Updated 2pm

Former minister Konrad Mizzi has been admitted to hospital and has therefore missed a parliamentary committee meeting that was to continue hearing his Electrogas testimony on Wednesday.

Sources told Times of Malta that Mizzi was admitted to hospital on Tuesday and has yet to be discharged. They said Mizzi's condition is a serious one that might require him to stay in hospital for days. 

It is understood he was admitted with fever and peritonitis, the swelling of the tissue that lines the abdomen.

The former energy minister was set to attend a Public Accounts Committee hearing on Wednesday afternoon for what would have been his third appearance before MPs. 

He had previously failed to appear before the committee on four occasions, labelling it a "partisan attack" on the Electrogas energy project that he said had brought “many benefits" to the country.

Later on Wednesday, the PAC confirmed it had been informed of Mizzi's hospitalisation by his lawyers, who also said the former minister would be back to testify once given clearance to do so by medical experts.

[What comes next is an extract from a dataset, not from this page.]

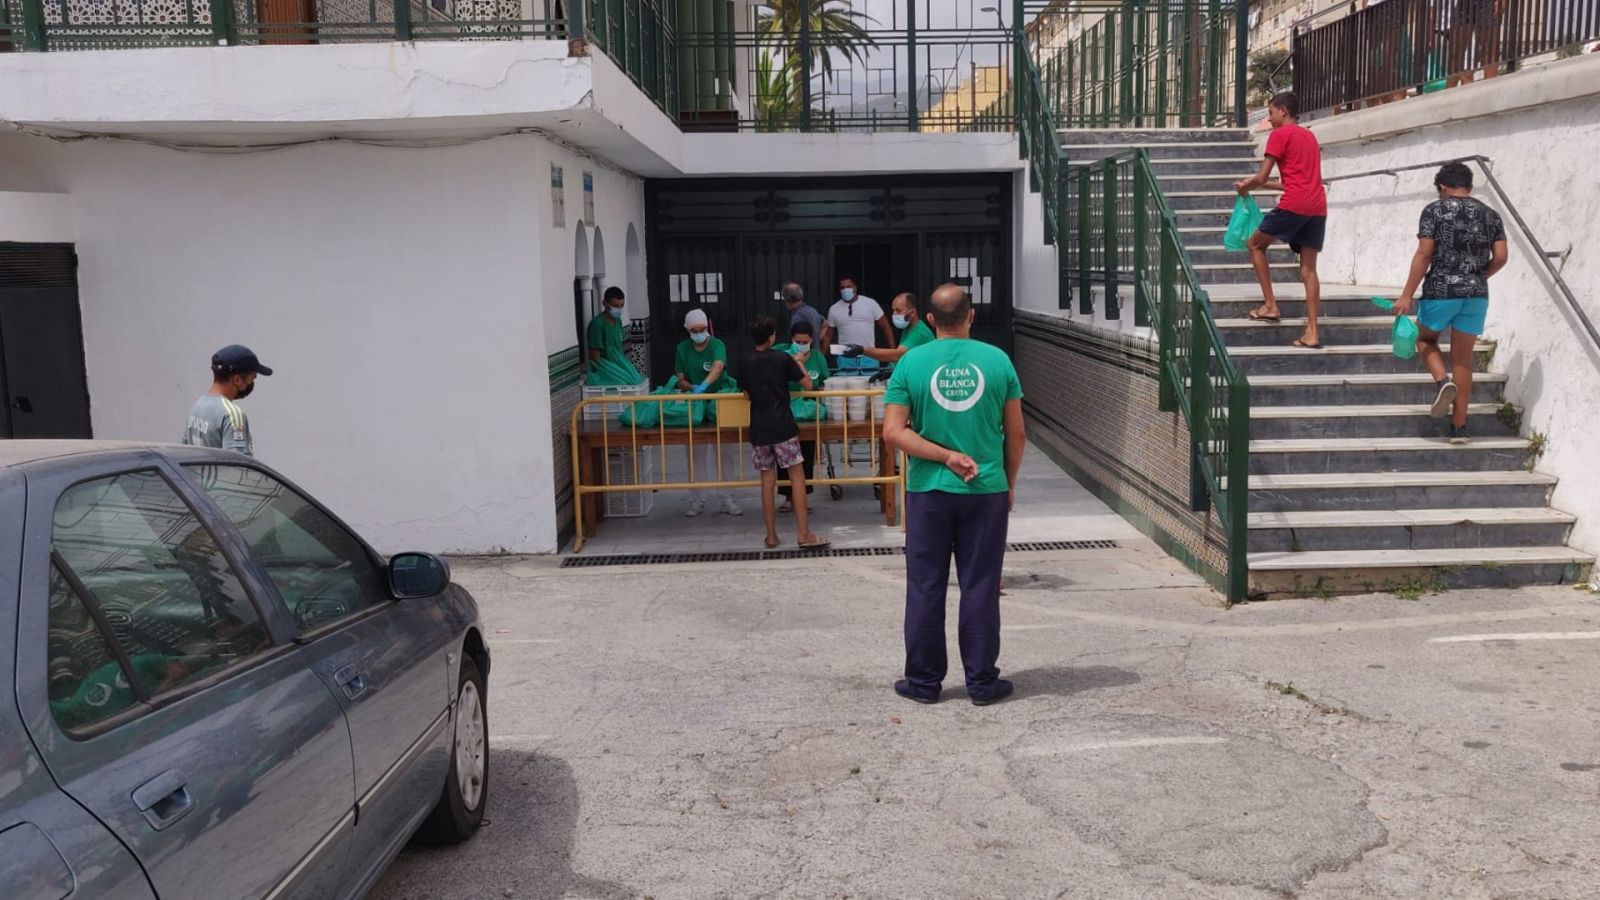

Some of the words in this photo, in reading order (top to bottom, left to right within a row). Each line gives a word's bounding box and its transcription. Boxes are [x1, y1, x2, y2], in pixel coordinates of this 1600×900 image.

[945, 368, 970, 377] LUNA
[939, 379, 976, 388] BLANCA
[945, 389, 969, 397] CEUTA

The committee agreed it would summon Mizzi for next Wednesday's session where he will be expected to finish off the oral presentation he started two weeks ago and then face questions.

The PAC is hearing Mizzi's testimony as part of its probe into the Electrogas power station deal. Mizzi spearheaded the deal during his time as energy minister.

He now serves as an independent MP in parliament, having been expelled from the Labour Party's parliamentary group in 2020. 

So far Mizzi has not faced any questions on the deal.  

Last week, the committee was forced to call a recess to let heads cool after the session descended into a shouting match. In the first sitting, held two weeks ago, Mizzi informed the committee he would be delivering an introductory speech.

The lengthy speech spilled over to the second session, prompting Opposition MPs on the committee to insist they would still be asking Mizzi questions, even if it took a number of sessions to do so.  

The first session was also regularly interrupted by heated exchanges between Mizzi and the Opposition MPs. 

Mizzi only agreed to appear before the PAC after the Opposition said it would be seeking a vote in parliament's plenary, obliging him to testify.